◆ Records
^^^^^^^^^^^^^^^^

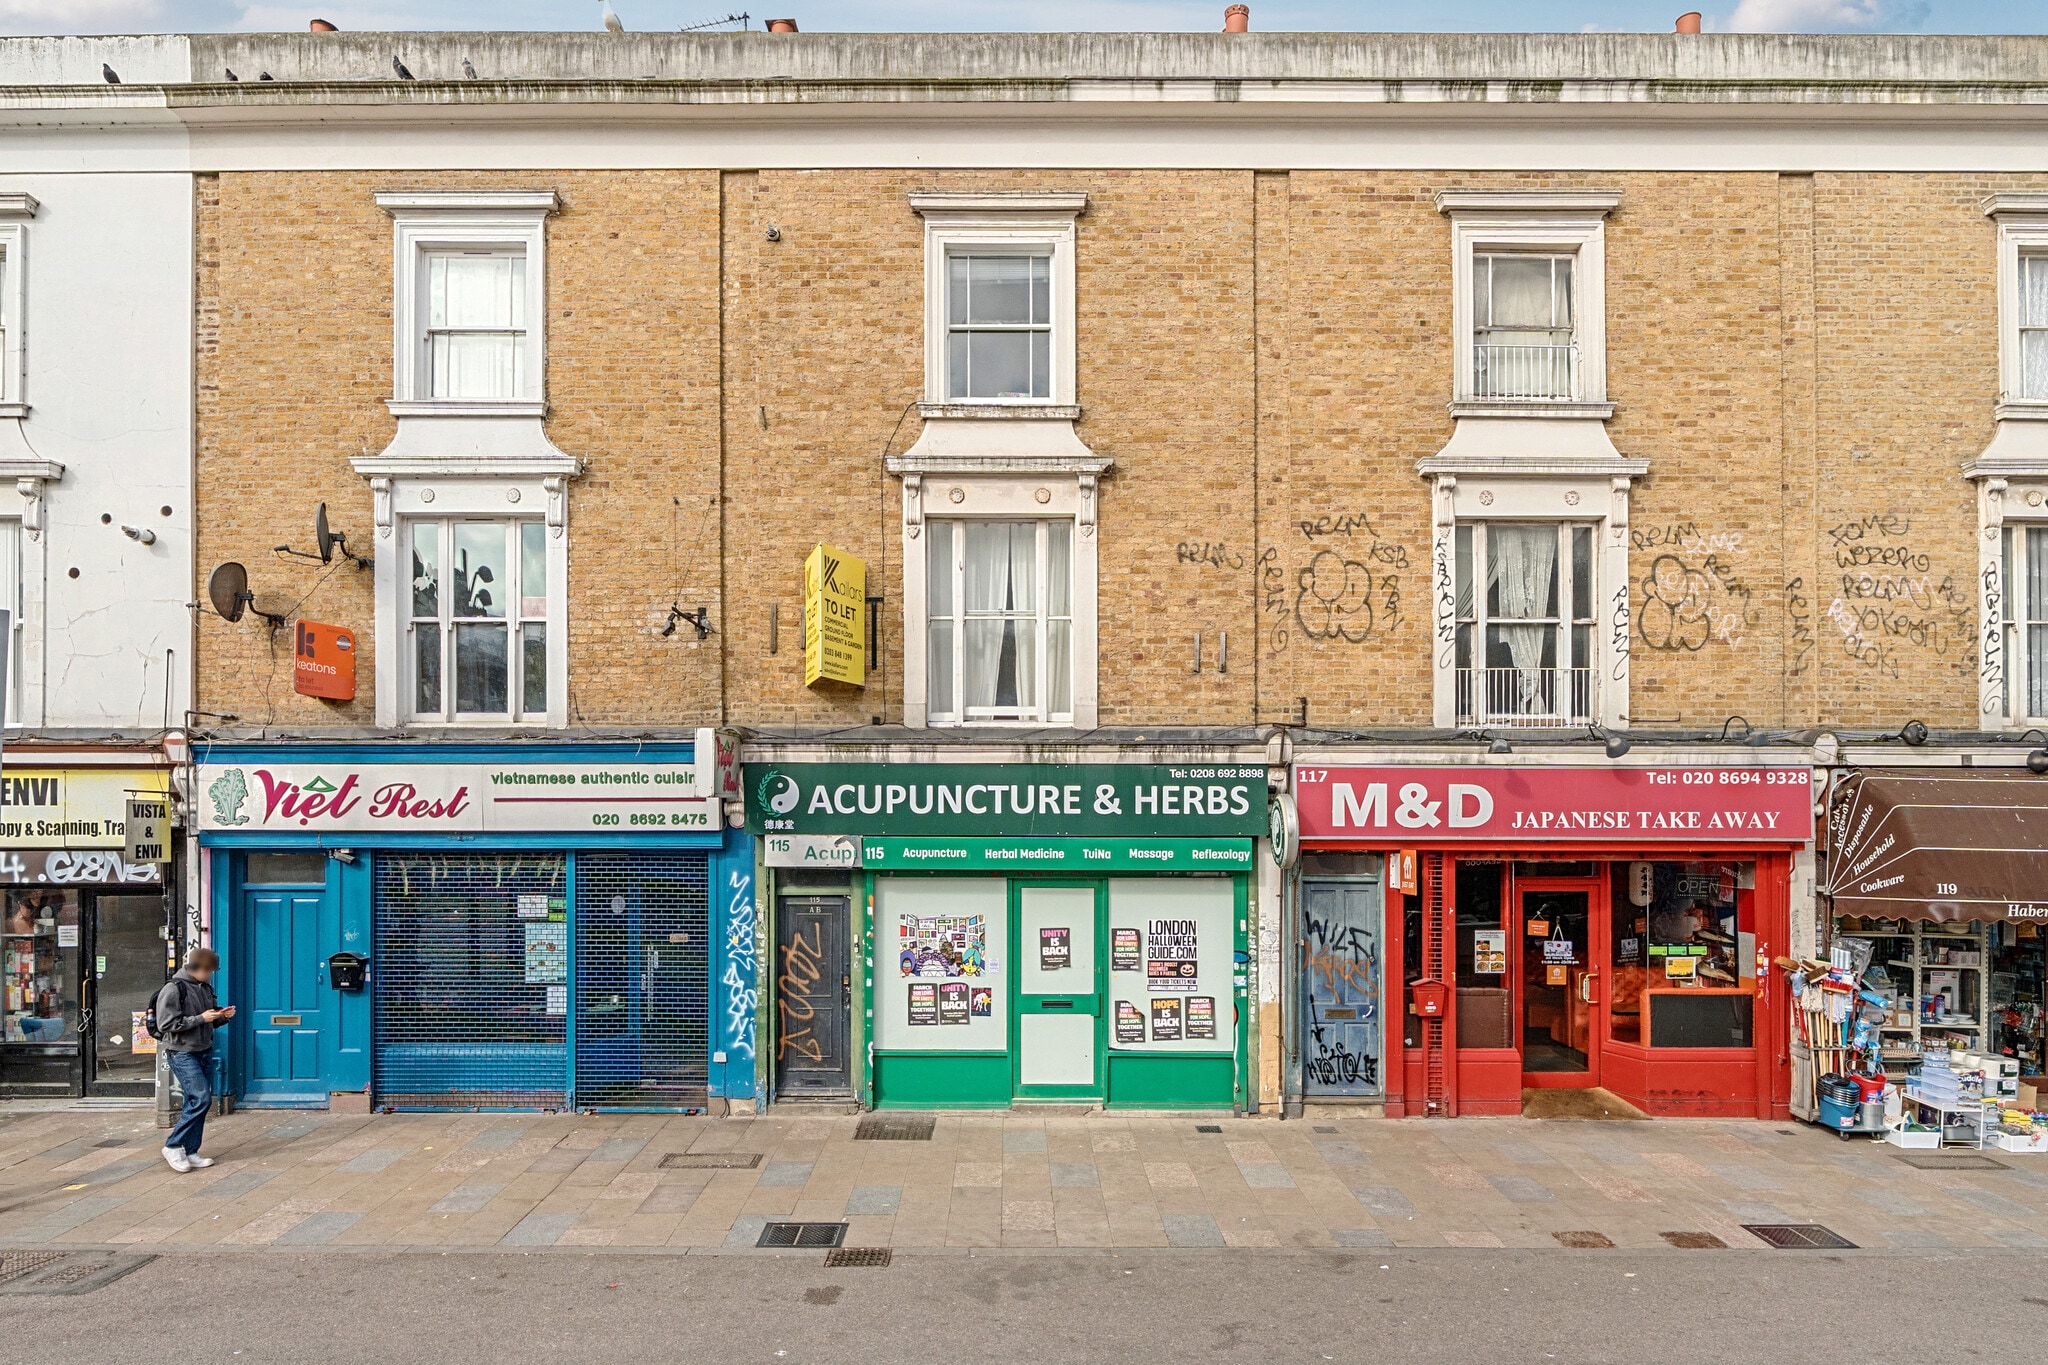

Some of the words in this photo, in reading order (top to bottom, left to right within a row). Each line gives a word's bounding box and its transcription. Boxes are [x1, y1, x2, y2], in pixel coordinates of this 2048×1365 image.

[824, 598, 838, 615] TO
[840, 603, 857, 621] LET
[824, 633, 844, 645] BASEMENT
[296, 658, 337, 675] keatons
[491, 771, 576, 785] vietnamese
[580, 771, 649, 785] authentic
[1169, 768, 1188, 779] Tel:
[1190, 769, 1215, 779] 0208
[1217, 769, 1237, 779] 692
[1239, 769, 1264, 779] 8898
[1299, 770, 1328, 783] 117
[1647, 772, 1677, 785] Tel:
[1682, 773, 1714, 785] 020
[1719, 773, 1761, 785] 8694
[1766, 773, 1808, 785] 9328
[2, 778, 58, 806] ENVI
[368, 783, 470, 818] Rest
[807, 784, 1082, 815] ACUPUNCTURE
[1093, 784, 1122, 815] &
[1134, 785, 1250, 815] HERBS
[1332, 782, 1494, 829] M&D
[132, 803, 166, 818] VISTA
[592, 813, 620, 826] 020
[629, 813, 666, 826] 8692
[671, 813, 708, 826] 8475
[1511, 811, 1630, 829] JAPANESE
[1637, 811, 1701, 829] TAKE
[1707, 811, 1780, 829] AWAY
[25, 820, 34, 836] &
[37, 819, 102, 838] Scanning.
[104, 820, 127, 836] Tra
[145, 826, 154, 838] &
[1843, 804, 1874, 859] Disposable
[135, 844, 163, 860] ENVI
[769, 839, 790, 852] 115
[866, 847, 885, 860] 115
[903, 847, 967, 859] Acupuncture
[985, 848, 1017, 859] Herbal
[1020, 848, 1065, 859] Medicine
[1083, 848, 1111, 860] TuiNa
[1129, 848, 1174, 861] Massage
[1192, 849, 1250, 862] Reflexology
[1852, 833, 1897, 876] Household
[1677, 880, 1720, 896] OPEN
[1860, 874, 1906, 893] Cookware
[1936, 883, 1958, 895] 119
[809, 896, 821, 904] 115
[1042, 929, 1068, 938] UNITY
[1148, 920, 1197, 935] LONDON
[1050, 937, 1060, 946] IS
[1148, 936, 1197, 946] HALLOWEEN
[1042, 946, 1068, 956] BACK
[1148, 947, 1197, 959] GUIDE.COM
[941, 984, 967, 992] UNITY
[950, 992, 959, 1001] IS
[942, 1001, 967, 1010] BACK
[1153, 1000, 1179, 1009] HOPE
[1162, 1009, 1171, 1018] IS
[1153, 1018, 1180, 1028] BACK

^^^^^^^^^^^^^^^^

◆ Activity
Copy the records shown above in their entirety and exactly; images are to be left out.

◆ Answer area
Some of the words in this photo, in reading order (top to bottom, left to right within a row). Each line gives a word's bounding box and its transcription. Boxes are [x1, y1, x2, y2], in pixel coordinates of this 2048×1365 image.

[824, 598, 838, 615] TO
[840, 603, 857, 621] LET
[824, 633, 844, 645] BASEMENT
[296, 658, 337, 675] keatons
[491, 771, 576, 785] vietnamese
[580, 771, 649, 785] authentic
[1169, 768, 1188, 779] Tel:
[1190, 769, 1215, 779] 0208
[1217, 769, 1237, 779] 692
[1239, 769, 1264, 779] 8898
[1299, 770, 1328, 783] 117
[1647, 772, 1677, 785] Tel:
[1682, 773, 1714, 785] 020
[1719, 773, 1761, 785] 8694
[1766, 773, 1808, 785] 9328
[2, 778, 58, 806] ENVI
[368, 783, 470, 818] Rest
[807, 784, 1082, 815] ACUPUNCTURE
[1093, 784, 1122, 815] &
[1134, 785, 1250, 815] HERBS
[1332, 782, 1494, 829] M&D
[132, 803, 166, 818] VISTA
[592, 813, 620, 826] 020
[629, 813, 666, 826] 8692
[671, 813, 708, 826] 8475
[1511, 811, 1630, 829] JAPANESE
[1637, 811, 1701, 829] TAKE
[1707, 811, 1780, 829] AWAY
[25, 820, 34, 836] &
[37, 819, 102, 838] Scanning.
[104, 820, 127, 836] Tra
[145, 826, 154, 838] &
[1843, 804, 1874, 859] Disposable
[135, 844, 163, 860] ENVI
[769, 839, 790, 852] 115
[866, 847, 885, 860] 115
[903, 847, 967, 859] Acupuncture
[985, 848, 1017, 859] Herbal
[1020, 848, 1065, 859] Medicine
[1083, 848, 1111, 860] TuiNa
[1129, 848, 1174, 861] Massage
[1192, 849, 1250, 862] Reflexology
[1852, 833, 1897, 876] Household
[1677, 880, 1720, 896] OPEN
[1860, 874, 1906, 893] Cookware
[1936, 883, 1958, 895] 119
[809, 896, 821, 904] 115
[1042, 929, 1068, 938] UNITY
[1148, 920, 1197, 935] LONDON
[1050, 937, 1060, 946] IS
[1148, 936, 1197, 946] HALLOWEEN
[1042, 946, 1068, 956] BACK
[1148, 947, 1197, 959] GUIDE.COM
[941, 984, 967, 992] UNITY
[950, 992, 959, 1001] IS
[942, 1001, 967, 1010] BACK
[1153, 1000, 1179, 1009] HOPE
[1162, 1009, 1171, 1018] IS
[1153, 1018, 1180, 1028] BACK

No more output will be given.